Give back the full listing, exactly as it is.
..............................
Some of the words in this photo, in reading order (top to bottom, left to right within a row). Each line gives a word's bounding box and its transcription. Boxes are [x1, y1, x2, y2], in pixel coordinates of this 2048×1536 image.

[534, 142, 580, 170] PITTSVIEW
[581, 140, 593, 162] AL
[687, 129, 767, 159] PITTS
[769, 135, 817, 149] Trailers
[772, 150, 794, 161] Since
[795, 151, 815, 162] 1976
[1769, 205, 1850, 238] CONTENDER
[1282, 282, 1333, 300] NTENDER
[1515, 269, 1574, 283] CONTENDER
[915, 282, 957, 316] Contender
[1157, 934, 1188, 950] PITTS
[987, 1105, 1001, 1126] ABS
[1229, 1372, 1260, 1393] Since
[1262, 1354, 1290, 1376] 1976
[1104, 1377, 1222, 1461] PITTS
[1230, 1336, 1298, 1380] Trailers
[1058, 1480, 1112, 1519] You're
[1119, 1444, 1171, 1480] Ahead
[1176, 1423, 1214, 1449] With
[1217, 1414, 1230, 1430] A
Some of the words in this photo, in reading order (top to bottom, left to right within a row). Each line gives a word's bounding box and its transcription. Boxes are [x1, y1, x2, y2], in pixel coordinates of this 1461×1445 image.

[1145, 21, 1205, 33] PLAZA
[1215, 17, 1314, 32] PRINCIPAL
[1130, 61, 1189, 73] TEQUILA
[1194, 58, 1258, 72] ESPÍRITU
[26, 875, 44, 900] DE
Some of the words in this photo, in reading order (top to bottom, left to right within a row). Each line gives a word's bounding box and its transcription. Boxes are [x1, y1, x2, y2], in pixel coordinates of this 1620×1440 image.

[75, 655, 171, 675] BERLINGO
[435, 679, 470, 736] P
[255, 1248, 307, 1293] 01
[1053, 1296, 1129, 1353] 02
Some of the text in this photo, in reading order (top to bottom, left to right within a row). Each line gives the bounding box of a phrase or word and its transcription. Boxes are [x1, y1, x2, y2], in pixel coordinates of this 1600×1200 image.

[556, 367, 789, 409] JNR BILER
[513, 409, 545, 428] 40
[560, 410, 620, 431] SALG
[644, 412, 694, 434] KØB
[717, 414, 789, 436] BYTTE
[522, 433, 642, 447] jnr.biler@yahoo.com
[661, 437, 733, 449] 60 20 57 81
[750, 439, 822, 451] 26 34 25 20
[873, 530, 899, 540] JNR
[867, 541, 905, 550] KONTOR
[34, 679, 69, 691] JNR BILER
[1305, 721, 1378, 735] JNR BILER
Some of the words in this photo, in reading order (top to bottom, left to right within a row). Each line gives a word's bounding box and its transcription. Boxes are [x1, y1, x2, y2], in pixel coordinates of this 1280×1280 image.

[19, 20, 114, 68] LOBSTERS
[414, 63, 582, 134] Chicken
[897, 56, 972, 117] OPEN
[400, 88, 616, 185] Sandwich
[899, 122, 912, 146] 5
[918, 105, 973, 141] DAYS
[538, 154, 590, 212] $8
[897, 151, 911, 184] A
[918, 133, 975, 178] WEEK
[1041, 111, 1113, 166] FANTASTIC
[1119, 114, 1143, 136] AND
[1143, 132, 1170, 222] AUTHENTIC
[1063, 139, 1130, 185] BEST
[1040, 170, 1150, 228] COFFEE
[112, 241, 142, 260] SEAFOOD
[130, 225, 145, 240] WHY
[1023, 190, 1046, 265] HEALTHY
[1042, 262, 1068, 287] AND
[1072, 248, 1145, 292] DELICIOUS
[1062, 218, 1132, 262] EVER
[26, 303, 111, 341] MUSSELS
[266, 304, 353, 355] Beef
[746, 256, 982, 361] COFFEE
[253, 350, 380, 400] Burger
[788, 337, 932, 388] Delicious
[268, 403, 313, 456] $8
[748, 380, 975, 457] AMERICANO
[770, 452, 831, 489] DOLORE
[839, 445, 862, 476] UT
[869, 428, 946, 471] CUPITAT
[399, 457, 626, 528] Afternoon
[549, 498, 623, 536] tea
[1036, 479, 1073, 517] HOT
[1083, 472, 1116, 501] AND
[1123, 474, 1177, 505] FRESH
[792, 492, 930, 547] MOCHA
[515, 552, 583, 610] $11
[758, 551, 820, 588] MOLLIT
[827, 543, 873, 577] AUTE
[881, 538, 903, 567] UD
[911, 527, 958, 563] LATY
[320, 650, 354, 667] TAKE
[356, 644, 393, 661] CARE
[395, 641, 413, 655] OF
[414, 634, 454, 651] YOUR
..............................
# Response area
Some of the words in this photo, in reading order (top to bottom, left to right within a row). Each line gives a word's bounding box and its transcription. Boxes are [x1, y1, x2, y2], in pixel coordinates of this 2048×1536 image.

[534, 142, 580, 170] PITTSVIEW
[581, 140, 593, 162] AL
[687, 129, 767, 159] PITTS
[769, 135, 817, 149] Trailers
[772, 150, 794, 161] Since
[795, 151, 815, 162] 1976
[1769, 205, 1850, 238] CONTENDER
[1282, 282, 1333, 300] NTENDER
[1515, 269, 1574, 283] CONTENDER
[915, 282, 957, 316] Contender
[1157, 934, 1188, 950] PITTS
[987, 1105, 1001, 1126] ABS
[1229, 1372, 1260, 1393] Since
[1262, 1354, 1290, 1376] 1976
[1104, 1377, 1222, 1461] PITTS
[1230, 1336, 1298, 1380] Trailers
[1058, 1480, 1112, 1519] You're
[1119, 1444, 1171, 1480] Ahead
[1176, 1423, 1214, 1449] With
[1217, 1414, 1230, 1430] A
Some of the words in this photo, in reading order (top to bottom, left to right within a row). Each line gives a word's bounding box and its transcription. Boxes are [x1, y1, x2, y2], in pixel coordinates of this 1461×1445 image.

[1145, 21, 1205, 33] PLAZA
[1215, 17, 1314, 32] PRINCIPAL
[1130, 61, 1189, 73] TEQUILA
[1194, 58, 1258, 72] ESPÍRITU
[26, 875, 44, 900] DE
Some of the words in this photo, in reading order (top to bottom, left to right within a row). Each line gives a word's bounding box and its transcription. Boxes are [x1, y1, x2, y2], in pixel coordinates of this 1620×1440 image.

[75, 655, 171, 675] BERLINGO
[435, 679, 470, 736] P
[255, 1248, 307, 1293] 01
[1053, 1296, 1129, 1353] 02
Some of the text in this photo, in reading order (top to bottom, left to right within a row). Each line gives the bounding box of a phrase or word and its transcription. Boxes are [x1, y1, x2, y2], in pixel coordinates of this 1600×1200 image.

[556, 367, 789, 409] JNR BILER
[513, 409, 545, 428] 40
[560, 410, 620, 431] SALG
[644, 412, 694, 434] KØB
[717, 414, 789, 436] BYTTE
[522, 433, 642, 447] jnr.biler@yahoo.com
[661, 437, 733, 449] 60 20 57 81
[750, 439, 822, 451] 26 34 25 20
[873, 530, 899, 540] JNR
[867, 541, 905, 550] KONTOR
[34, 679, 69, 691] JNR BILER
[1305, 721, 1378, 735] JNR BILER
Some of the words in this photo, in reading order (top to bottom, left to right within a row). Each line gives a word's bounding box and its transcription. Boxes are [x1, y1, x2, y2], in pixel coordinates of this 1280×1280 image.

[19, 20, 114, 68] LOBSTERS
[414, 63, 582, 134] Chicken
[897, 56, 972, 117] OPEN
[400, 88, 616, 185] Sandwich
[899, 122, 912, 146] 5
[918, 105, 973, 141] DAYS
[538, 154, 590, 212] $8
[897, 151, 911, 184] A
[918, 133, 975, 178] WEEK
[1041, 111, 1113, 166] FANTASTIC
[1119, 114, 1143, 136] AND
[1143, 132, 1170, 222] AUTHENTIC
[1063, 139, 1130, 185] BEST
[1040, 170, 1150, 228] COFFEE
[112, 241, 142, 260] SEAFOOD
[130, 225, 145, 240] WHY
[1023, 190, 1046, 265] HEALTHY
[1042, 262, 1068, 287] AND
[1072, 248, 1145, 292] DELICIOUS
[1062, 218, 1132, 262] EVER
[26, 303, 111, 341] MUSSELS
[266, 304, 353, 355] Beef
[746, 256, 982, 361] COFFEE
[253, 350, 380, 400] Burger
[788, 337, 932, 388] Delicious
[268, 403, 313, 456] $8
[748, 380, 975, 457] AMERICANO
[770, 452, 831, 489] DOLORE
[839, 445, 862, 476] UT
[869, 428, 946, 471] CUPITAT
[399, 457, 626, 528] Afternoon
[549, 498, 623, 536] tea
[1036, 479, 1073, 517] HOT
[1083, 472, 1116, 501] AND
[1123, 474, 1177, 505] FRESH
[792, 492, 930, 547] MOCHA
[515, 552, 583, 610] $11
[758, 551, 820, 588] MOLLIT
[827, 543, 873, 577] AUTE
[881, 538, 903, 567] UD
[911, 527, 958, 563] LATY
[320, 650, 354, 667] TAKE
[356, 644, 393, 661] CARE
[395, 641, 413, 655] OF
[414, 634, 454, 651] YOUR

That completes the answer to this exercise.